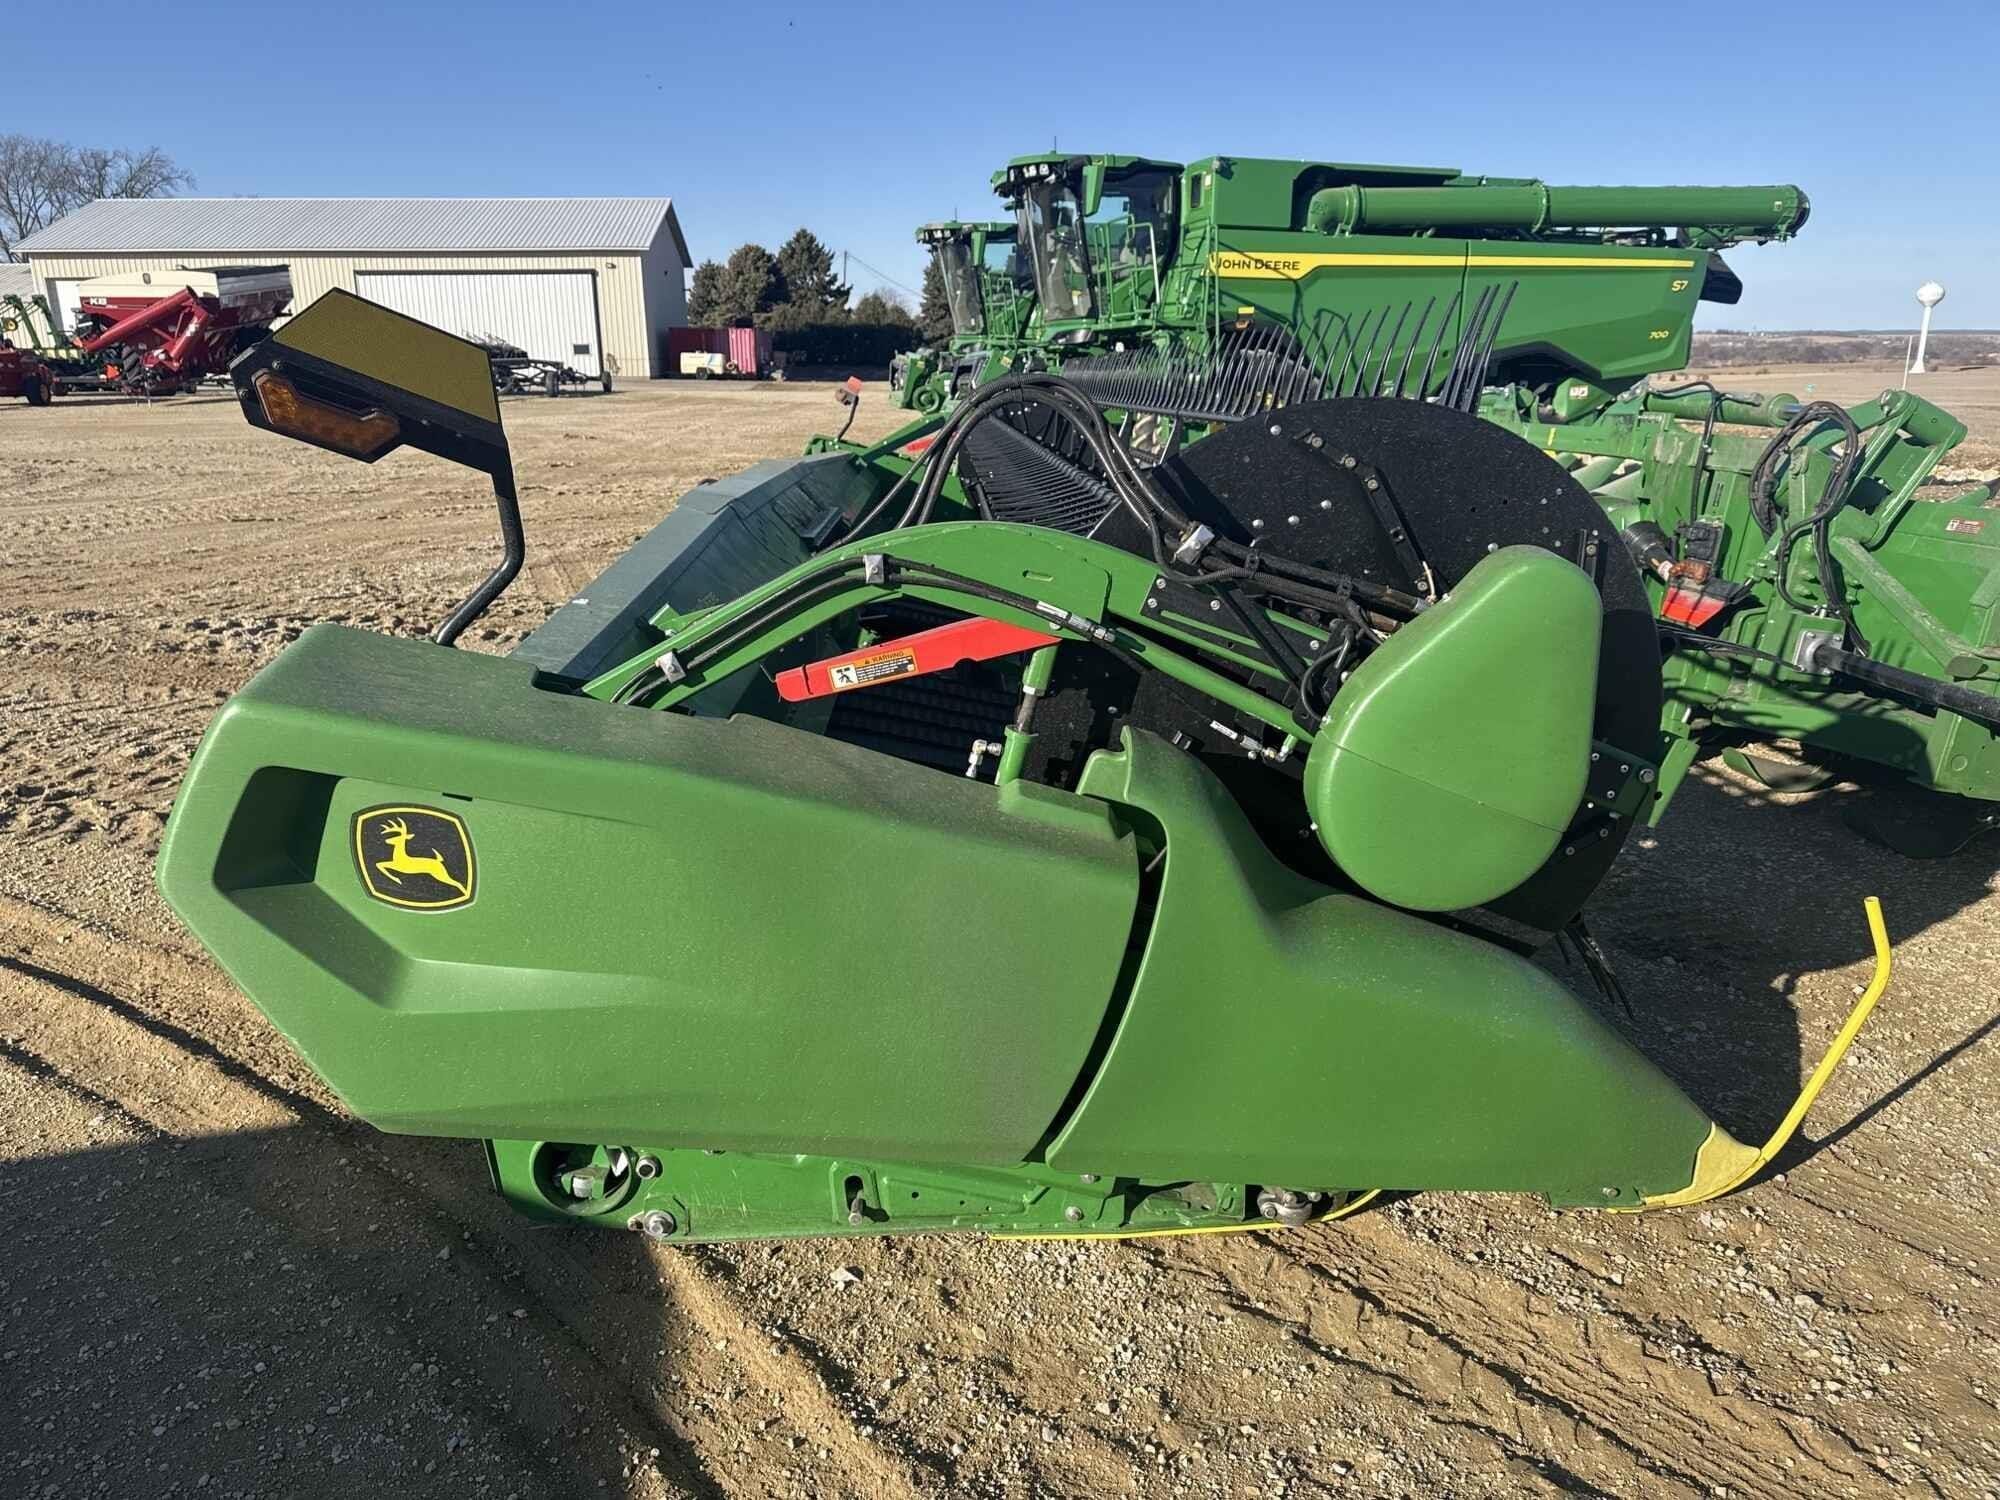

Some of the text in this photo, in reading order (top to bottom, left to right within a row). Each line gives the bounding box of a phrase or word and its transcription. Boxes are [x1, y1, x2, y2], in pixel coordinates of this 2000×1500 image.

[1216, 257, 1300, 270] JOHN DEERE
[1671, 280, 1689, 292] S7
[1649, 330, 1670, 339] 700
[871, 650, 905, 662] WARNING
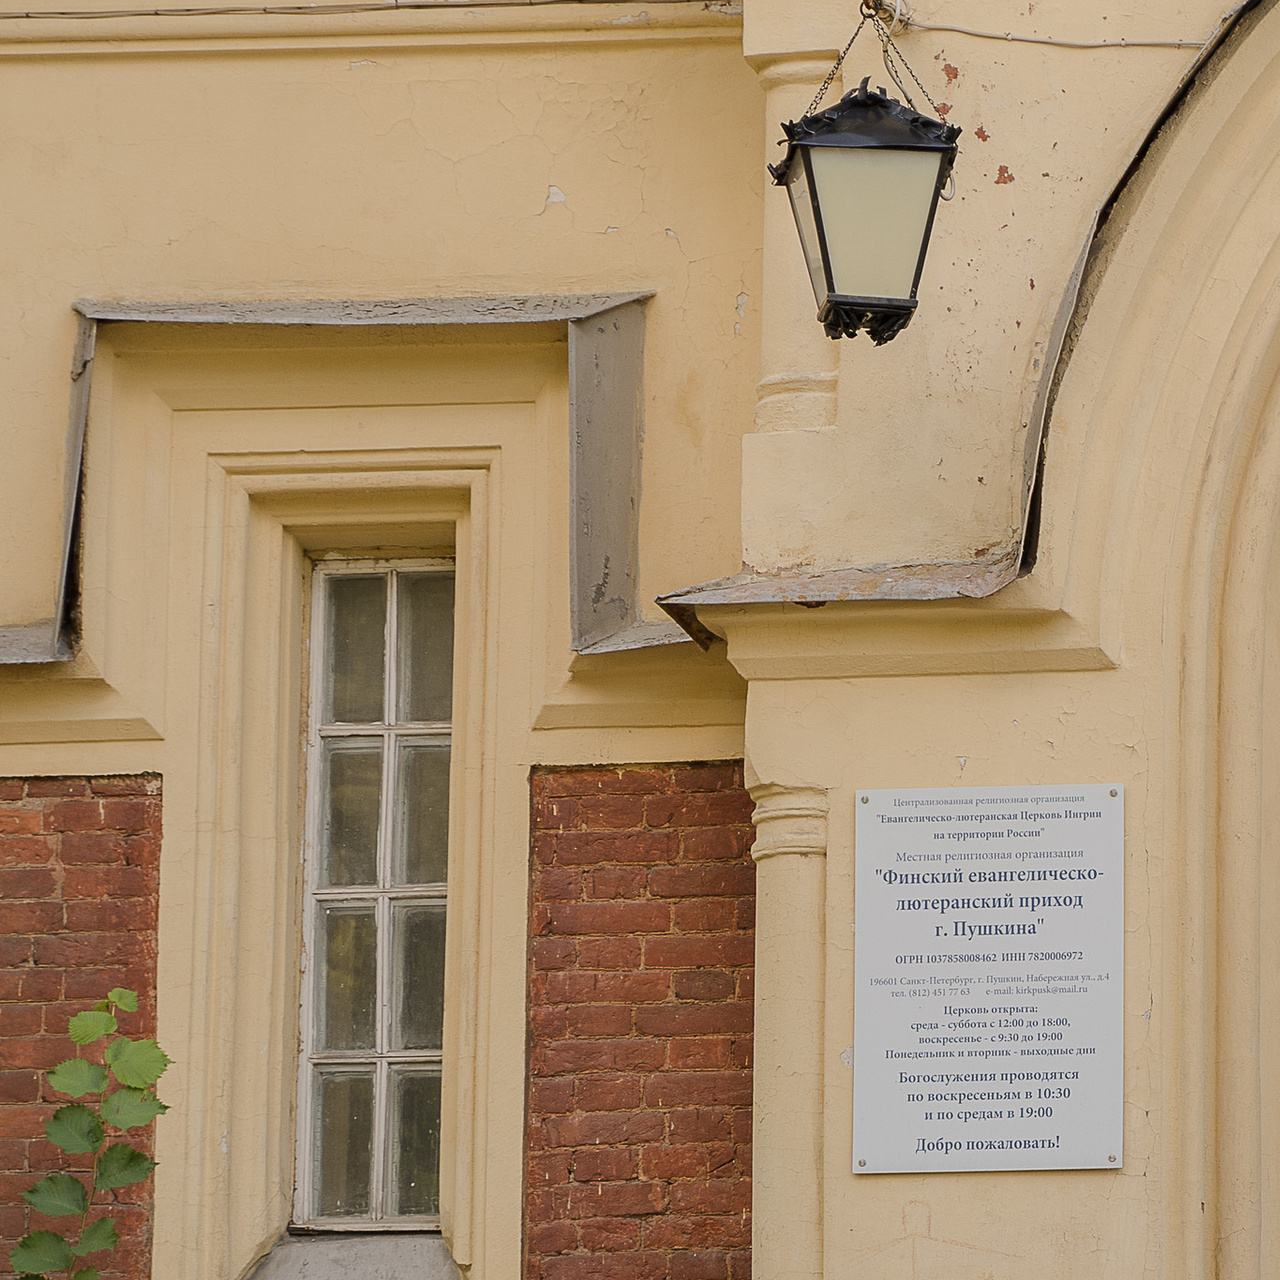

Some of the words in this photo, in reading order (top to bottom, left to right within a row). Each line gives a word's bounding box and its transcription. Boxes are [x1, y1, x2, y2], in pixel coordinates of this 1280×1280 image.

> EXERCISE: Everything in the material above must be repeated exactly, apart from its pictures.

> EXERCISE SOLUTION:
Some of the text in this photo, in reading order (top to bottom, left to right within a row). Each line gives the bounding box of a phrase or word and its transcription. Boxes are [x1, y1, x2, y2], in pixel coordinates of this 2000×1500 image.

[1216, 257, 1300, 270] JOHN DEERE
[1671, 280, 1689, 292] S7
[1649, 330, 1670, 339] 700
[871, 650, 905, 662] WARNING

Some of the words in this photo, in reading order (top to bottom, left to right within a row). Each line gives a word's bounding box and its transcription. Boxes are [x1, y1, x2, y2], in pixel coordinates of this 1280×1280 image.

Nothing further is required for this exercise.